1️⃣ Between-Study Heterogeneity and Model Selection
One of the most critical challenges in meta-analysis is managing between-study heterogeneity. Clinical diversity (population differences), methodological diversity (study design variations), and statistical heterogeneity (variation in effect sizes) can significantly influence pooled estimates. Choosing between fixed-effect and random-effects models is not merely technical—it changes the interpretation of the summary effect. In high heterogeneity settings (I² > 50%), a random-effects model accounts for variability but also widens confidence intervals, affecting precision and inference.
Example: Suppose five RCTs evaluate colchicine in acute coronary syndrome, but differ in follow-up duration and dosage. A fixed-effect model may overestimate precision, while a random-effects model better reflects real-world variability in treatment effect.
2️⃣ Publication Bias and Small-Study Effects
Publication bias remains a serious threat to the validity of meta-analytic findings.
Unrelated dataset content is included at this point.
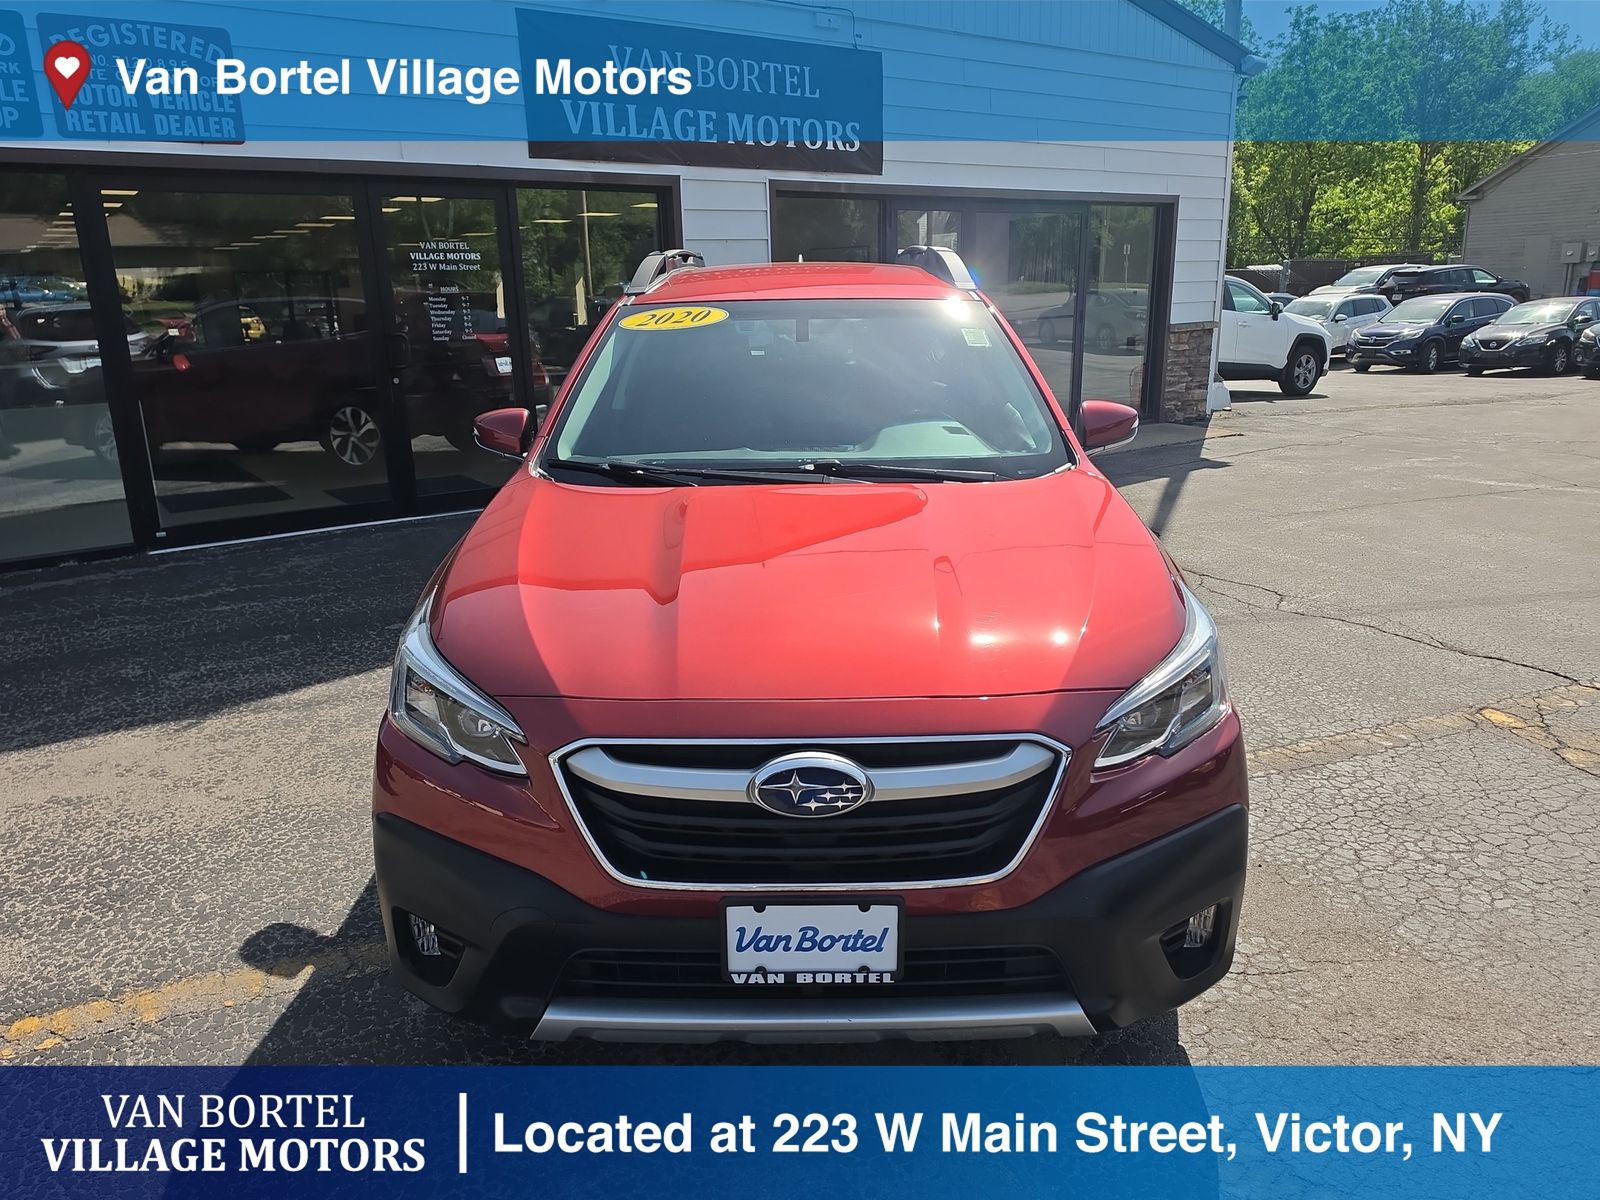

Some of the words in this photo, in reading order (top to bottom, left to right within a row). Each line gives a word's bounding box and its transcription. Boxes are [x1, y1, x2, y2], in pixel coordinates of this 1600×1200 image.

Studies with statistically significant results are more likely to be published, which inflates pooled effect estimates. Funnel plot asymmetry, Egger’s regression test, and trim-and-fill methods are commonly used to assess small-study effects. However, asymmetry does not always imply bias—it may reflect true heterogeneity or methodological differences. Therefore, interpretation requires both statistical testing and clinical judgment.
Example: If smaller trials show exaggerated benefits of a drug while larger trials show modest or null effects, the pooled odds ratio may appear significant due to small-study effects rather than true efficacy.
3️⃣ Meta-Regression and Effect Modification
Meta-regression extends conventional meta-analysis by exploring whether study-level covariates explain heterogeneity. Variables such as mean age, baseline risk, or intervention dosage can be incorporated into a regression framework. However, meta-regression operates at the study level, not the patient level, which introduces ecological bias and limits causal interpretation. It should therefore be hypothesis-generating rather than confirmatory.
Example: In a meta-analysis of heart failure therapies, meta-regression may reveal that treatment effect increases with higher baseline BNP levels across studies. However, this does not confirm that individual patients with high BNP derive greater benefit.